At the basis, the Pope explained, “is that docile but non-specific attitude of obedience owed to the Father, which is precisely filial obedience”. It is in essence “that obedience of wisdom, that obedience of listening to advice and making a better choice based on advice”. And, he added, it is necessary “to have an open heart to seek and heed advice”.

The Gospel passage from Matthew (18:1-5, 10) offers the second image, that of the child. “The disciples”, the Bishop of Rome commented, “argued about who was the greatest among them. There was an internal dispute: careerism. These men, who were the first bishops, were tempted by careerism” and said among themselves: “I want to become greater than you”. In this regard, Francis remarked: “It is not a good example that the first bishops did this, but it is the truth”.

From his side “Jesus teaches them the true attitude”: calling a child to him, he puts the child in their midst, the Pope said, referring to Matthew. And in doing so reveals “the docility, the need for advice, the need for help, because a child is the very symbol of the need for help, of docility in order to go forward”.

“This is the way”, the Pontiff indicated, and not that of determining “who is the greatest”. In truth, he stated, repeating the words of Jesus: whoever humbles himself like a child will be “the greatest”. And here the Lord “makes that mysterious connection that cannot be explained, but it is true”. He says, in fact: “See that you do not despise one of these little ones; for I tell you that in heaven their angels always behold the face of my Father who is in heaven”.

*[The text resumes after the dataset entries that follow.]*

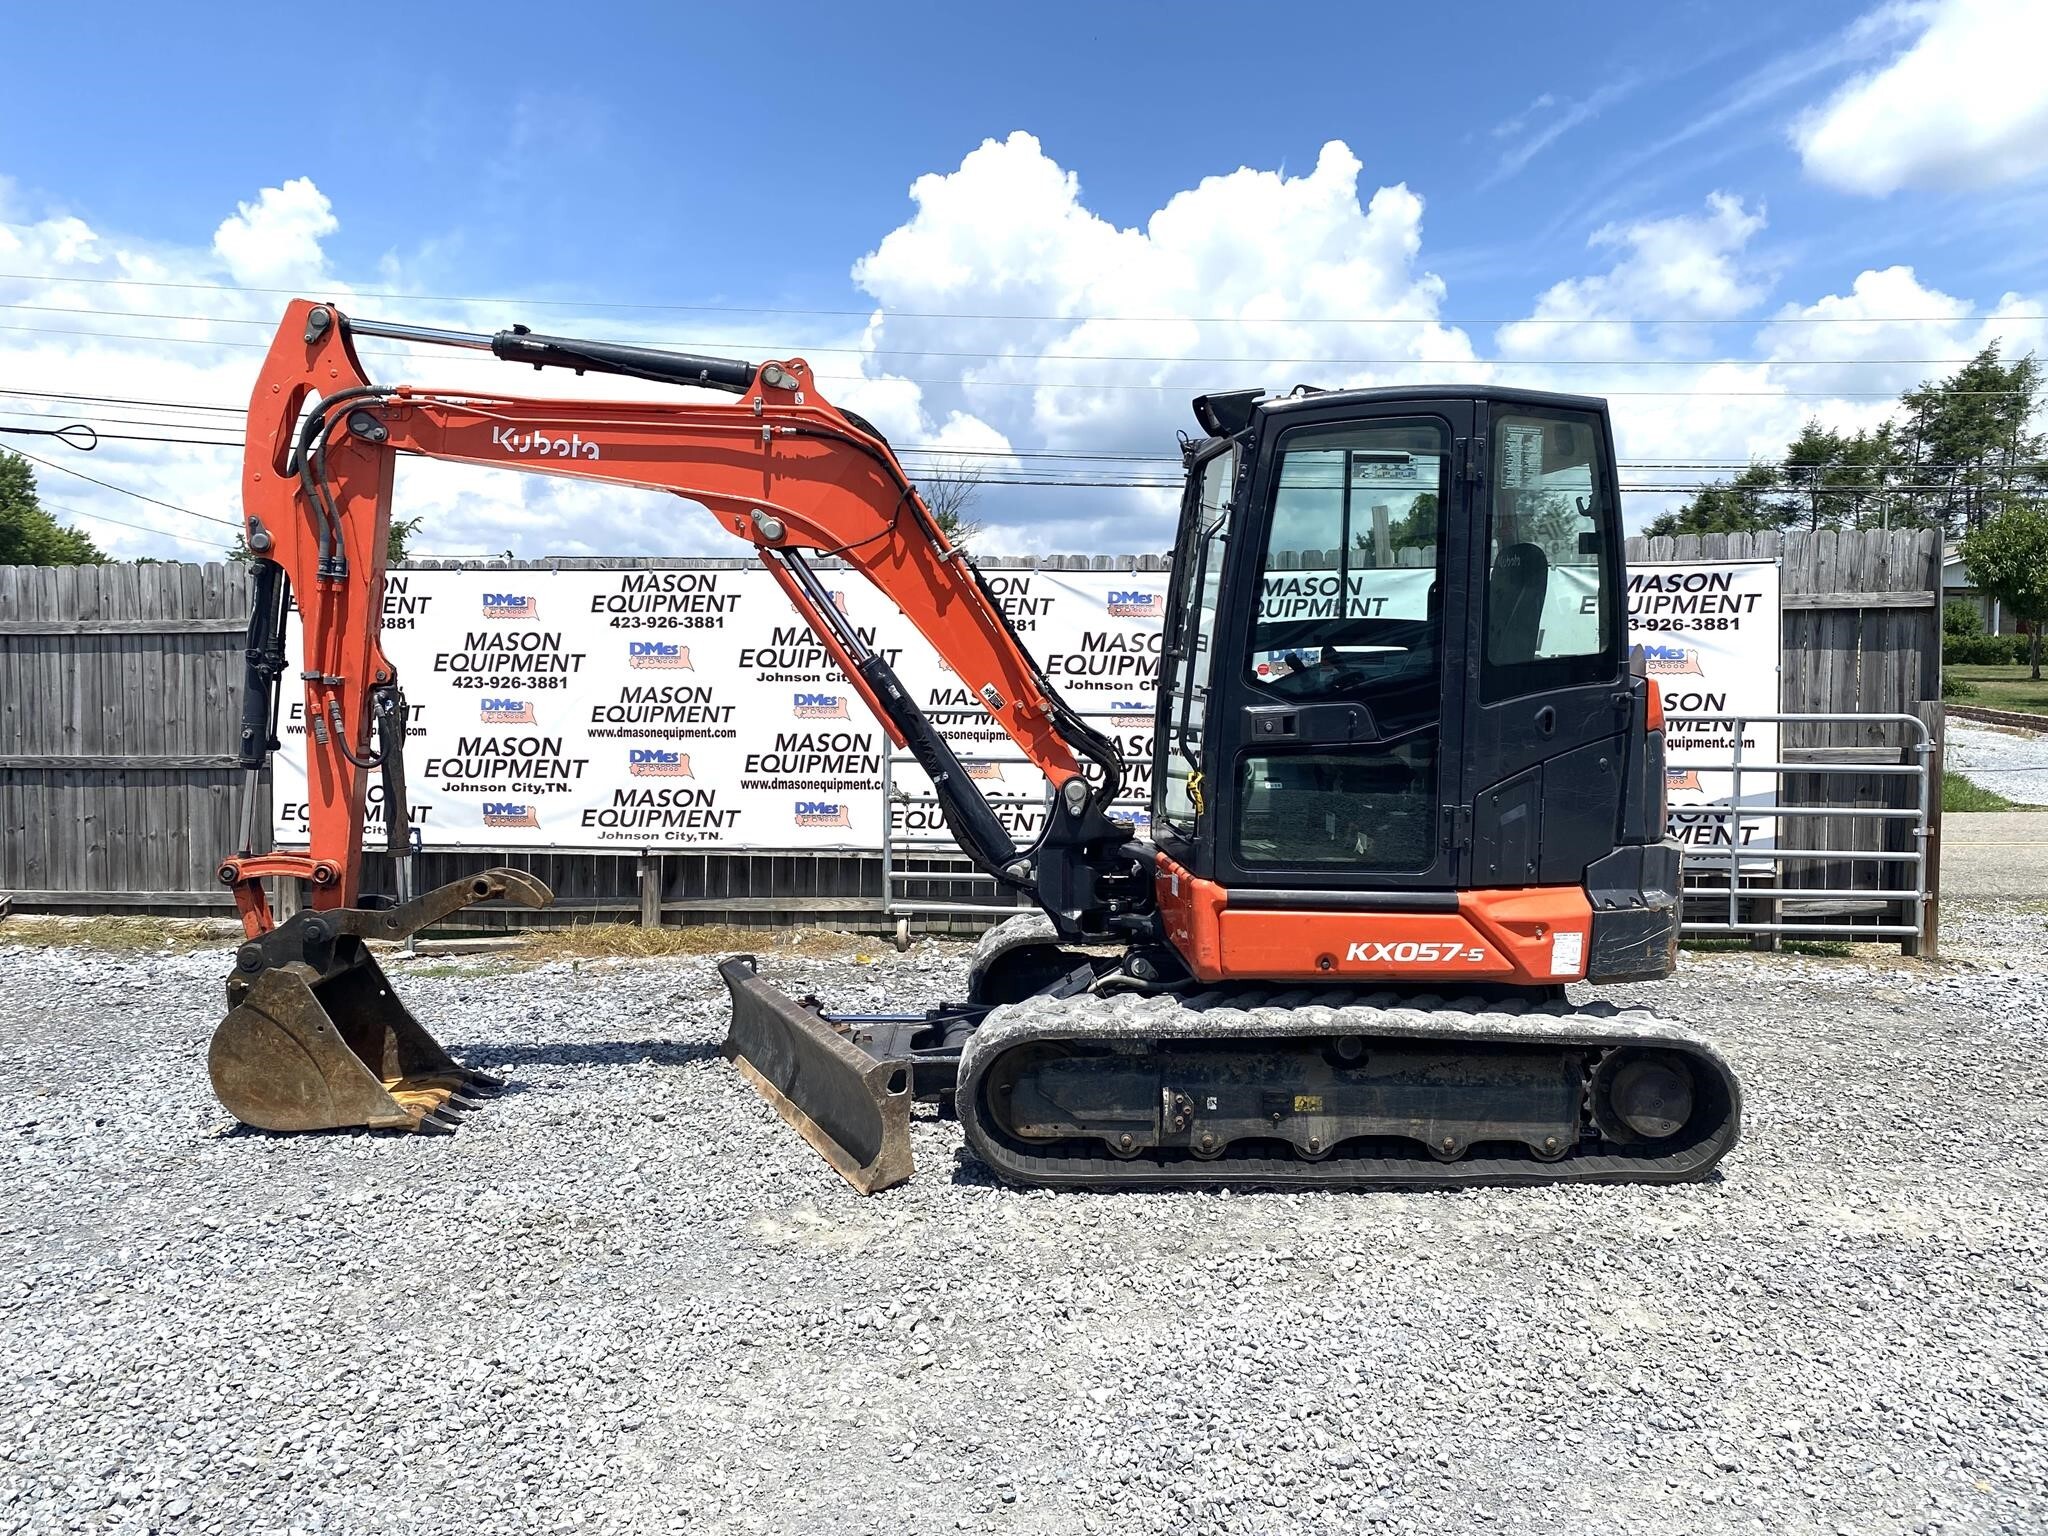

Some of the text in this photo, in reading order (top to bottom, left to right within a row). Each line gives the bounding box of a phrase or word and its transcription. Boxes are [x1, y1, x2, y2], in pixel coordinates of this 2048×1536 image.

[492, 426, 600, 460] Kubota
[622, 575, 716, 592] MASON
[1264, 577, 1362, 597] MASON
[591, 595, 741, 612] EQUIPMENT
[610, 617, 723, 628] 423-926-3881
[1628, 618, 1740, 631] 3-926-3881
[465, 632, 561, 651] MASON
[771, 627, 876, 646] MAN
[1081, 632, 1162, 653] MASO
[434, 654, 586, 672] EQUIPMENT
[739, 649, 902, 668] EQUIPT
[1046, 655, 1159, 676] EQUIPM
[453, 677, 566, 688] 423-926-3881
[757, 673, 820, 681] Johnson
[1065, 680, 1132, 690] Johnson
[621, 687, 712, 703] MASON
[930, 688, 981, 705] MAS
[1664, 692, 1727, 712] SON
[592, 706, 735, 722] EQUIPMENT
[588, 727, 736, 740] www.dmasonequipment.com
[458, 737, 562, 756] MASON
[775, 734, 871, 752] MASON
[424, 759, 589, 778] EQUIPMENT
[744, 754, 884, 773] EQUIPMEN
[442, 783, 571, 794] Johnson City,TN.
[740, 778, 897, 792] www.dmasonequipment.c
[613, 789, 715, 807] MASON
[582, 809, 741, 827] EQUIPMENT
[891, 811, 1047, 832] EQUENT
[665, 832, 723, 842] City,TN.
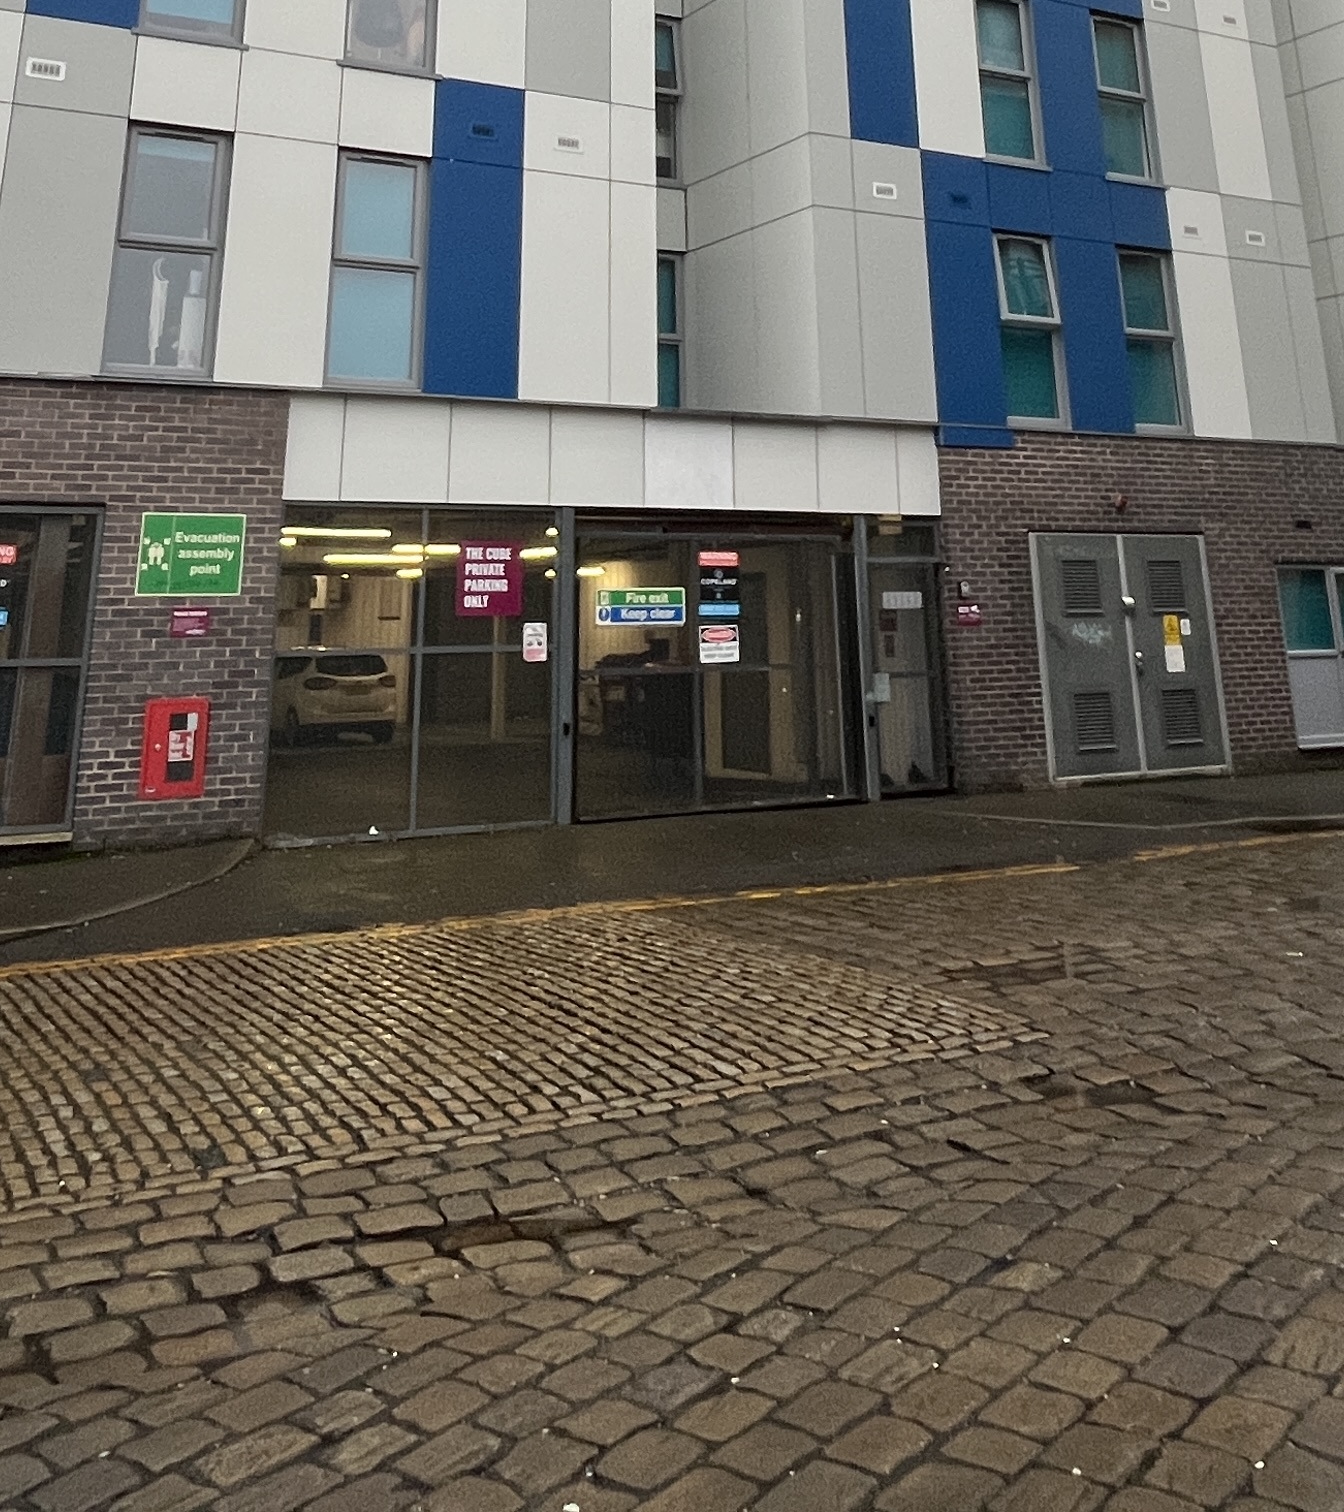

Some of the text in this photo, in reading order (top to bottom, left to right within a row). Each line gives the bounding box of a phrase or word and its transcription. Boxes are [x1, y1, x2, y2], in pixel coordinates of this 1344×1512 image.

[175, 531, 240, 543] Evacuation
[178, 548, 235, 562] assembly
[466, 547, 484, 560] THE
[189, 563, 221, 577] point
[464, 563, 506, 576] PRIVATE
[463, 578, 509, 592] PARKING
[463, 594, 489, 608] ONLY
[625, 592, 670, 604] Fire exit
[621, 607, 676, 621] Keep clear

In essence, Francis suggested, “it is as if he said: if you have this attitude of docility, this attitude of listening to advice, of an open heart, of not wanting to be the greatest, that attitude of not wanting to walk the path of life alone, you will be closer to the attitude of a child and closer to the contemplation of the Father”.

“According to Church tradition”, the Pope continued, “we all have an angel with us, who guards us, who makes us hear things”. After all, he said, “we have often heard: ‘I should do this this way... this is not good, be careful!”. It is really “the voice of our travel companion”. We can be “certain that he will lead us to the end of our life with his advice”. This is why it is necessary to “hearken to his voice, do not rebel against him”. On the other hand, “rebellion, the desire to be independent, is something that we all have: it is arrogance itself, which our father Adam had in the earthly paradise”. At this point the Pope instructed to each one: “Do not rebel, follow his advice!”.

In truth, the Pope confirmed, “no one walks alone, and none of us can think he is alone: this companion is always there”. Of course, it happens that “when we don’t want to listen to his advice, to hear his voice, we tell him: ‘Go away!’”. But “it’s dangerous to drive away our travel companion, because no man, no woman can advise him/herself: I can give advice to another, but I cannot advise myself”. Indeed, Francis recalled, “it is the Holy Spirit who advises me, it is the angel who advises me” and this is something “we need”.

The Pope urged that this “doctrine on the angels” not be considered “a little imaginative”. It is rather one of “truth”. It is “what Jesus, what God said: ‘I send an angel before you, to guard you, to accompany you on the way, so you will not make a mistake’”.

Francis concluded with a series of questions so that each one can examine his/her own conscience: “How is my relationship with my guardian angel? Do I listen to him? Do I bid him good day in the morning? Do I tell him: ‘guard me while I sleep?’ Do I speak with him? Do I ask his advice? Is he beside me?”. We can answer these questions today, Pope Francis said. Each one of us can do so in order to evaluate “the relationship with this angel that the Lord has sent to guard me and to accompany me on the path, and who always beholds the face of the Father who is in heaven”.